The architecture practice leader will also develop a core team of full-time enterprise architects. Under his direction, sub-teams of enterprise and application architects will be responsible for consolidating architecture requirements. They will conduct detailed research and trade-off analyses, design shared services, and develop proof-of-concept prototypes. The architecture working group will interact with these sub-teams by reviewing recommendations, approving reference architectures, and enacting standards.
Governance for the architecture-working group is generally provided by an architecture steering committee composed of key stakeholders who are responsible for approving the working group’s charter, objectives, and strategy. The steering committee periodically reviews the working group’s progress, guiding the working group to (1) secure resources, (2) maintain alignment between organizational and architectural objectives, and (3) address constraints and challenges outside the working group’s sphere of influence.
With the emergence of Enterprise IT Architecture as a distinct discipline, IT is joining the ranks of a number of other engineering fields in using specialists to translate stakeholder and user needs into implemental designs. Generally, an architect works with stakeholders and users to develop requirements addressing expressed needs. The architect then works with developers to identify alternative design approaches to meeting those needs. Inevitably, any proposed solution will involve trade-offs—no one solution will meet all stakeholder’s needs. Thus, an architect often figures centrally in managing these trade-offs. Typically, the architect identifies the strengths and weaknesses of proposed designs and works with developers, users, and other stakeholders to find trade-offs that appropriately balance competing requirements. In many organizations, architects work with implementation teams, advising in matters of design and scope change, particularly those impacting key requirements. The architect may also be involved in verification and validation, to identify and address gaps where the as-built solution is at risk of failing to meet specifications.

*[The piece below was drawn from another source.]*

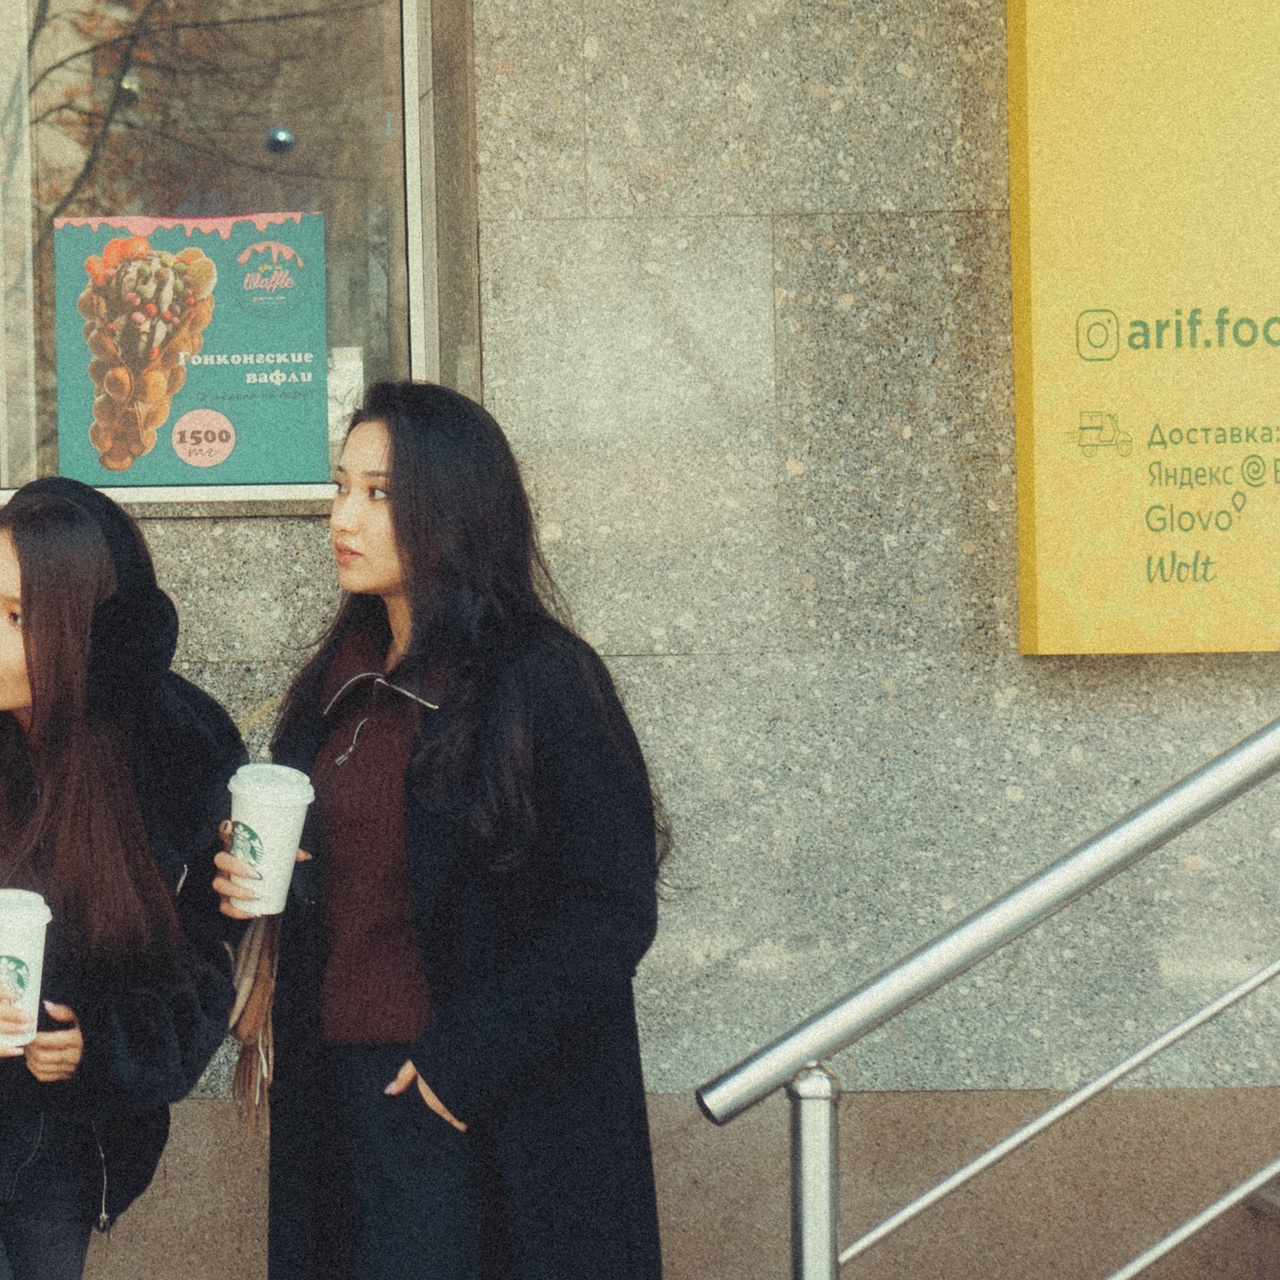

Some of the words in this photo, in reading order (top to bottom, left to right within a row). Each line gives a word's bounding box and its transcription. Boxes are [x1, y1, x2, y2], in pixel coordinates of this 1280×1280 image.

Enterprise IT solutions must address the needs of many diverse communities. As a consequence, one of an architect’s chief functions is to ensure that important technical requirements—especially those not immediately evident to business-oriented stakeholders—are properly weighted in the design process. An IT solution must not only fulfill an immediate business need, it should also be flexible, readily adapted to changing business requirements. Furthermore, the solution should satisfy the requirements of developers, operations personnel, and maintenance teams. Important but often overlooked requirements address reliability, availability, serviceability, fault tolerance, and scalability. Also important are performance-related requirements such as capacity, response time, and turn-around time. Yet other important requirements are maintainability, extensibility, and interoperability.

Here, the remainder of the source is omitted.